The chrB-a RNA motif and chrB-b RNA motif refer to a related, conserved RNA structure that was discovered by bioinformatics.
The structures of these motifs are similar, and some genomic locations are predicted to exhibit both motifs.  The chrB-b motif has an extra pseudoknot that is not consistently found in chrB-a examples.  It was proposed that the two motifs could be unified into one common structure, with additional information.

Both motifs are found in Alphaproteobacteria and likely function as cis-regulatory elements, in view of their positions upstream of protein-coding genes.
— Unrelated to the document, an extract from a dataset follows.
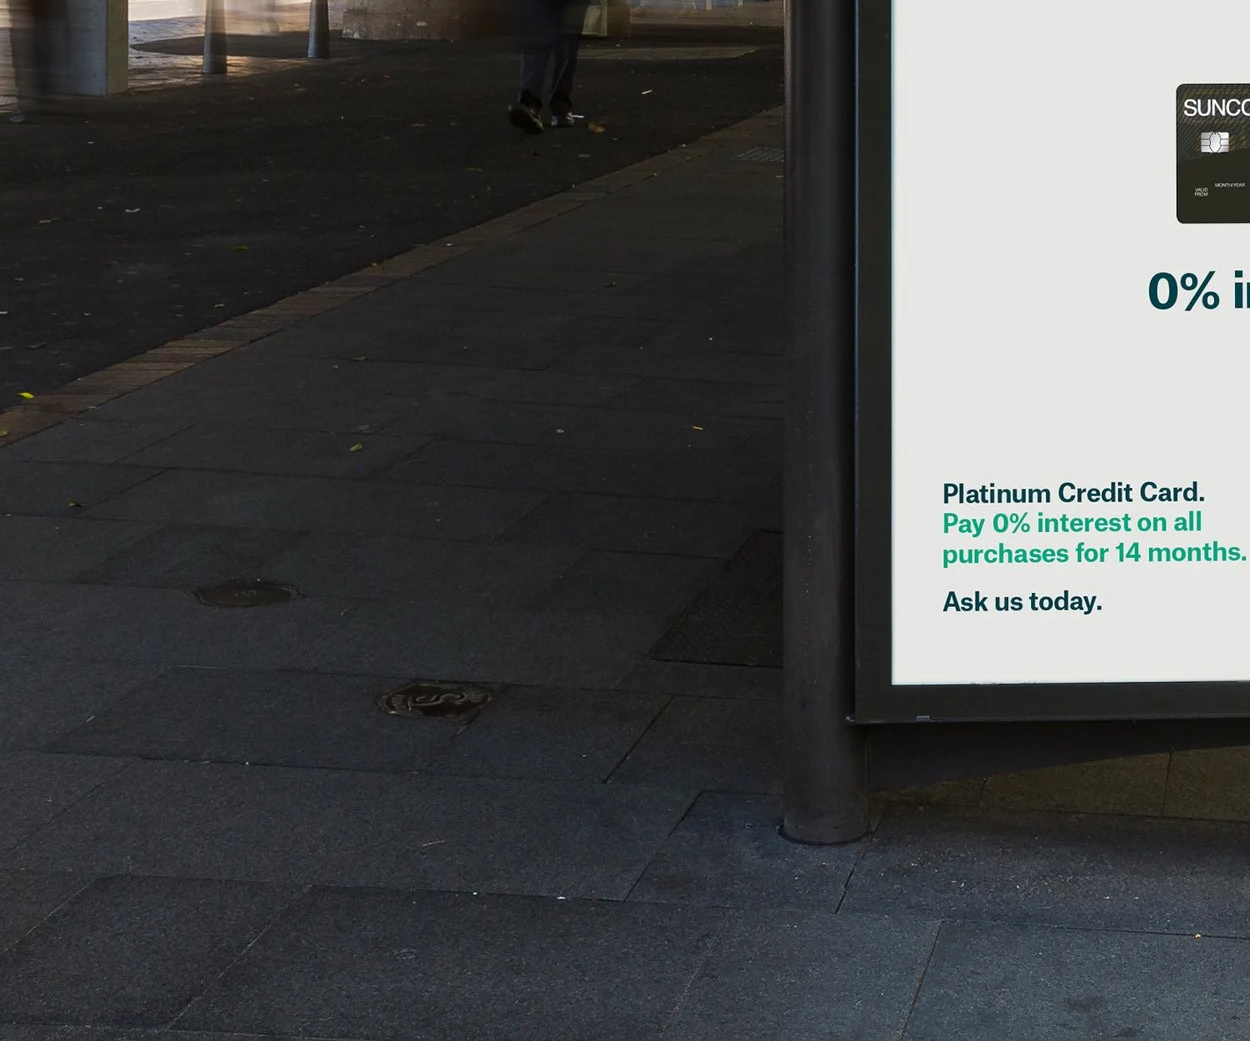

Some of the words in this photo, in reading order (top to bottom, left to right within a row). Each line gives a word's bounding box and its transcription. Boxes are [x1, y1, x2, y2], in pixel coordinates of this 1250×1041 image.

Additionally, the Shine-Dalgarno sequence of the genes is a part of the conserved secondary structure of the chrB motifs.  Thus, a stabilization of this secondary structure is expected to reduce gene expression.

The genes apparently regulated by these RNAs share a relationship with each other in that they are involved in resistance to toxic levels of chromate:
 Many of these genes are classified as the gene chrB, which was found to improve the resistance of Ochrobactrum tritici to chromate.
 Genes classified as chrA are also common.
 Genes that encode the enzyme superoxide dismutase are also common, and this gene also has an established role in chromate resistance.
 Rarely regulated genes with and without a relationship to chromate were also discussed.

Additionally, a chrB gene regulated by a chrB-a RNA in Sinorhizobium meliloti strain 1021 is highly expressed in bacteria growing on plants.